**Task goal**
The copy has to match the data exactly and leave out every picture.

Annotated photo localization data
----

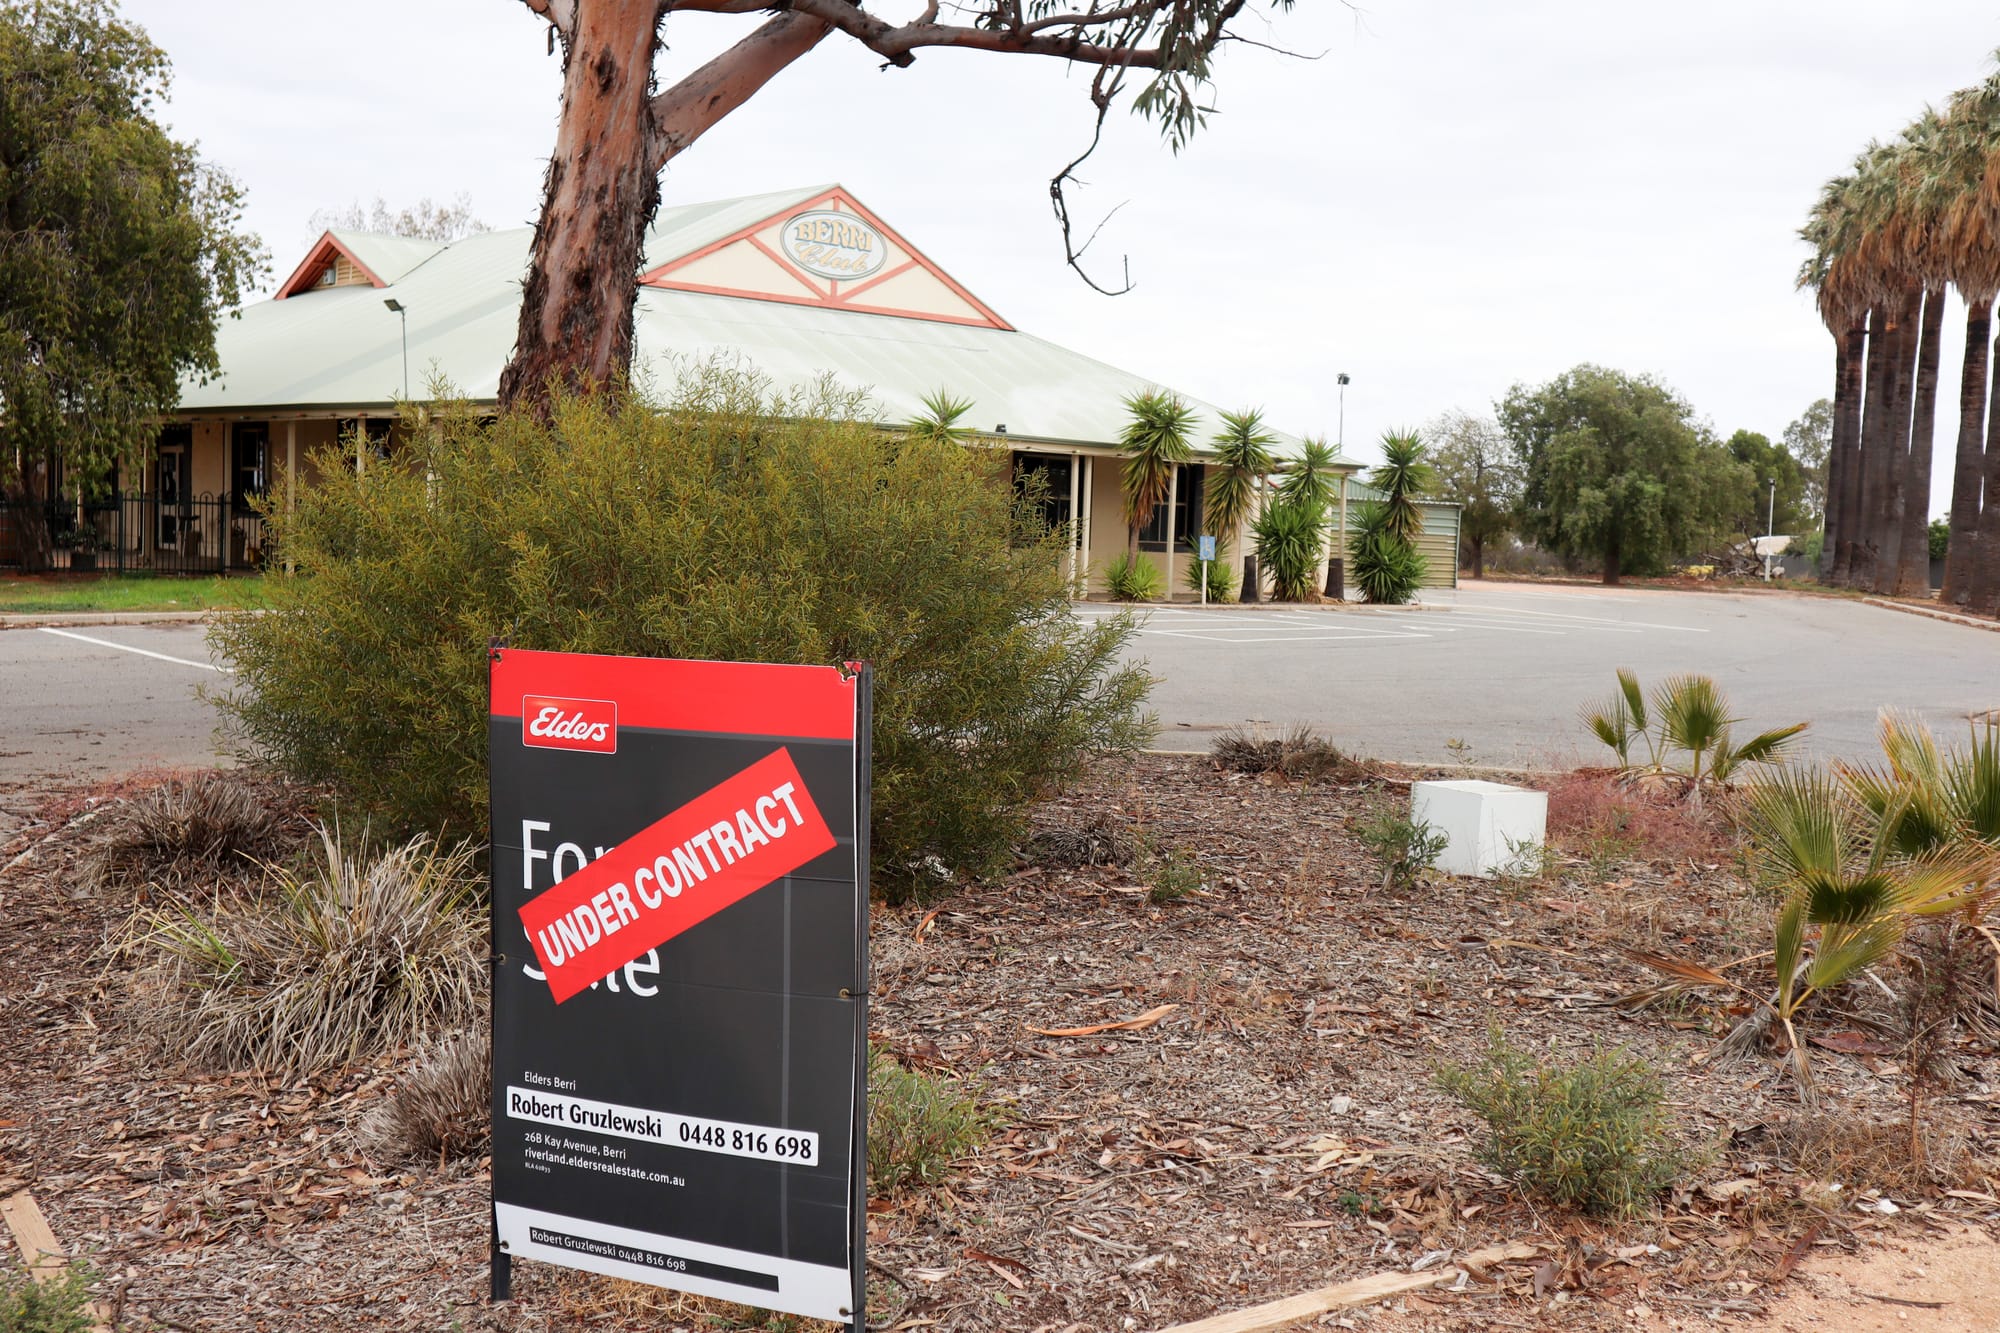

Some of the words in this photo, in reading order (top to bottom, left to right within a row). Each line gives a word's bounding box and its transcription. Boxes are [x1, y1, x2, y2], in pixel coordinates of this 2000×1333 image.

[794, 219, 874, 252] BERRI
[793, 241, 870, 273] Club
[529, 706, 610, 742] Elders
[522, 819, 616, 890] Fo
[537, 881, 640, 967] UNDER
[634, 781, 805, 910] CONTRACT
[524, 1071, 552, 1087] Elders
[554, 1076, 576, 1091] Berri
[511, 1093, 564, 1121] Robert
[569, 1104, 662, 1138] Gruzlewski
[679, 1122, 725, 1148] 0448
[732, 1129, 768, 1154] 816
[775, 1135, 812, 1159] 698
[524, 1132, 543, 1144] 26B
[544, 1134, 561, 1150] Kay
[562, 1138, 601, 1157] Avenue,
[603, 1145, 626, 1160] Berri
[524, 1147, 685, 1187] riverland.eldersrealestate.com.au
[531, 1229, 562, 1246] Robert
[564, 1236, 616, 1257] Gruzlewski
[618, 1249, 644, 1263] 0448
[646, 1253, 664, 1266] 816
[666, 1257, 687, 1272] 698

----

**Answer space**
Some of the words in this photo, in reading order (top to bottom, left to right within a row). Each line gives a word's bounding box and its transcription. Boxes are [x1, y1, x2, y2], in pixel coordinates of this 2000×1333 image.

[794, 219, 874, 252] BERRI
[793, 241, 870, 273] Club
[529, 706, 610, 742] Elders
[522, 819, 616, 890] Fo
[537, 881, 640, 967] UNDER
[634, 781, 805, 910] CONTRACT
[524, 1071, 552, 1087] Elders
[554, 1076, 576, 1091] Berri
[511, 1093, 564, 1121] Robert
[569, 1104, 662, 1138] Gruzlewski
[679, 1122, 725, 1148] 0448
[732, 1129, 768, 1154] 816
[775, 1135, 812, 1159] 698
[524, 1132, 543, 1144] 26B
[544, 1134, 561, 1150] Kay
[562, 1138, 601, 1157] Avenue,
[603, 1145, 626, 1160] Berri
[524, 1147, 685, 1187] riverland.eldersrealestate.com.au
[531, 1229, 562, 1246] Robert
[564, 1236, 616, 1257] Gruzlewski
[618, 1249, 644, 1263] 0448
[646, 1253, 664, 1266] 816
[666, 1257, 687, 1272] 698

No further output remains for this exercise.